:: Data supplied

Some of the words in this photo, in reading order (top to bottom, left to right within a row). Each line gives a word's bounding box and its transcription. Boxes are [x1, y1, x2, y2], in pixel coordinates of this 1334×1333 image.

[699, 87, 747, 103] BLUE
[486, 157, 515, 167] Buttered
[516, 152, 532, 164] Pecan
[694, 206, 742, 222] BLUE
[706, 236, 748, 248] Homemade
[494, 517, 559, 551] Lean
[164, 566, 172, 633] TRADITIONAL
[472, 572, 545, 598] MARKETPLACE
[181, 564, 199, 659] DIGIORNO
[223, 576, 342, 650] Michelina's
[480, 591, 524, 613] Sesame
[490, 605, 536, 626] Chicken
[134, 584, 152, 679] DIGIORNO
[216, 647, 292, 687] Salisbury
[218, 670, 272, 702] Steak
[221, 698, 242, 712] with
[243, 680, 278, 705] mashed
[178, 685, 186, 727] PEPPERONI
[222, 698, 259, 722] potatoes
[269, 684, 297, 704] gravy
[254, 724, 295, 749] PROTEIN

::::

> Task objective
The entries shown above must be restated word for word.

> Result for this task
Some of the words in this photo, in reading order (top to bottom, left to right within a row). Each line gives a word's bounding box and its transcription. Boxes are [x1, y1, x2, y2], in pixel coordinates of this 1334×1333 image.

[699, 87, 747, 103] BLUE
[486, 157, 515, 167] Buttered
[516, 152, 532, 164] Pecan
[694, 206, 742, 222] BLUE
[706, 236, 748, 248] Homemade
[494, 517, 559, 551] Lean
[164, 566, 172, 633] TRADITIONAL
[472, 572, 545, 598] MARKETPLACE
[181, 564, 199, 659] DIGIORNO
[223, 576, 342, 650] Michelina's
[480, 591, 524, 613] Sesame
[490, 605, 536, 626] Chicken
[134, 584, 152, 679] DIGIORNO
[216, 647, 292, 687] Salisbury
[218, 670, 272, 702] Steak
[221, 698, 242, 712] with
[243, 680, 278, 705] mashed
[178, 685, 186, 727] PEPPERONI
[222, 698, 259, 722] potatoes
[269, 684, 297, 704] gravy
[254, 724, 295, 749] PROTEIN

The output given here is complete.